### Work to complete
Transcribe the data that follows. Match it character for character.

Records contained in a dataset
Start of Block

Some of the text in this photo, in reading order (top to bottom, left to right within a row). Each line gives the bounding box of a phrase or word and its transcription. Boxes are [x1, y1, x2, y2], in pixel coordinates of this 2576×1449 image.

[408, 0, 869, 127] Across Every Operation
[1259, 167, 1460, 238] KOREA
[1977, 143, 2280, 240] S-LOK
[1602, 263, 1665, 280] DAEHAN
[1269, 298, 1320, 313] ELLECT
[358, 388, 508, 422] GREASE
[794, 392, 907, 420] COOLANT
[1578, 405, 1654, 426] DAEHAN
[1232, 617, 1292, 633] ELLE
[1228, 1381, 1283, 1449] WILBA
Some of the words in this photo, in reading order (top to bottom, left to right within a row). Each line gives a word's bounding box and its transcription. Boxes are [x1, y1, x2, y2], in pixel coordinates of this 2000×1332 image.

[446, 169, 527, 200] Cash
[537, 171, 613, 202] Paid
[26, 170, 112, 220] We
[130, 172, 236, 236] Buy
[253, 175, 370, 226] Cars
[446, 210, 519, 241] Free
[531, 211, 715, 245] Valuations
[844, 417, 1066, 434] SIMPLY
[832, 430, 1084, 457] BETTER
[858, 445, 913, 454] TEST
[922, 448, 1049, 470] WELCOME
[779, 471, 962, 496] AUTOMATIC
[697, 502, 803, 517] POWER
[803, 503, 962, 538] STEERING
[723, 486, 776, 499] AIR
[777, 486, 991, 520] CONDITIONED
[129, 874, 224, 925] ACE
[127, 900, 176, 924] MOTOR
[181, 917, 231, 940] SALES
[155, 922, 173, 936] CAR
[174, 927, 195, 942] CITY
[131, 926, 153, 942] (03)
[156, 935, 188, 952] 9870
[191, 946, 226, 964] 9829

End of Block

### Exercise output
Some of the text in this photo, in reading order (top to bottom, left to right within a row). Each line gives the bounding box of a phrase or word and its transcription. Boxes are [x1, y1, x2, y2], in pixel coordinates of this 2576×1449 image.

[408, 0, 869, 127] Across Every Operation
[1259, 167, 1460, 238] KOREA
[1977, 143, 2280, 240] S-LOK
[1602, 263, 1665, 280] DAEHAN
[1269, 298, 1320, 313] ELLECT
[358, 388, 508, 422] GREASE
[794, 392, 907, 420] COOLANT
[1578, 405, 1654, 426] DAEHAN
[1232, 617, 1292, 633] ELLE
[1228, 1381, 1283, 1449] WILBA
Some of the words in this photo, in reading order (top to bottom, left to right within a row). Each line gives a word's bounding box and its transcription. Boxes are [x1, y1, x2, y2], in pixel coordinates of this 2000×1332 image.

[446, 169, 527, 200] Cash
[537, 171, 613, 202] Paid
[26, 170, 112, 220] We
[130, 172, 236, 236] Buy
[253, 175, 370, 226] Cars
[446, 210, 519, 241] Free
[531, 211, 715, 245] Valuations
[844, 417, 1066, 434] SIMPLY
[832, 430, 1084, 457] BETTER
[858, 445, 913, 454] TEST
[922, 448, 1049, 470] WELCOME
[779, 471, 962, 496] AUTOMATIC
[697, 502, 803, 517] POWER
[803, 503, 962, 538] STEERING
[723, 486, 776, 499] AIR
[777, 486, 991, 520] CONDITIONED
[129, 874, 224, 925] ACE
[127, 900, 176, 924] MOTOR
[181, 917, 231, 940] SALES
[155, 922, 173, 936] CAR
[174, 927, 195, 942] CITY
[131, 926, 153, 942] (03)
[156, 935, 188, 952] 9870
[191, 946, 226, 964] 9829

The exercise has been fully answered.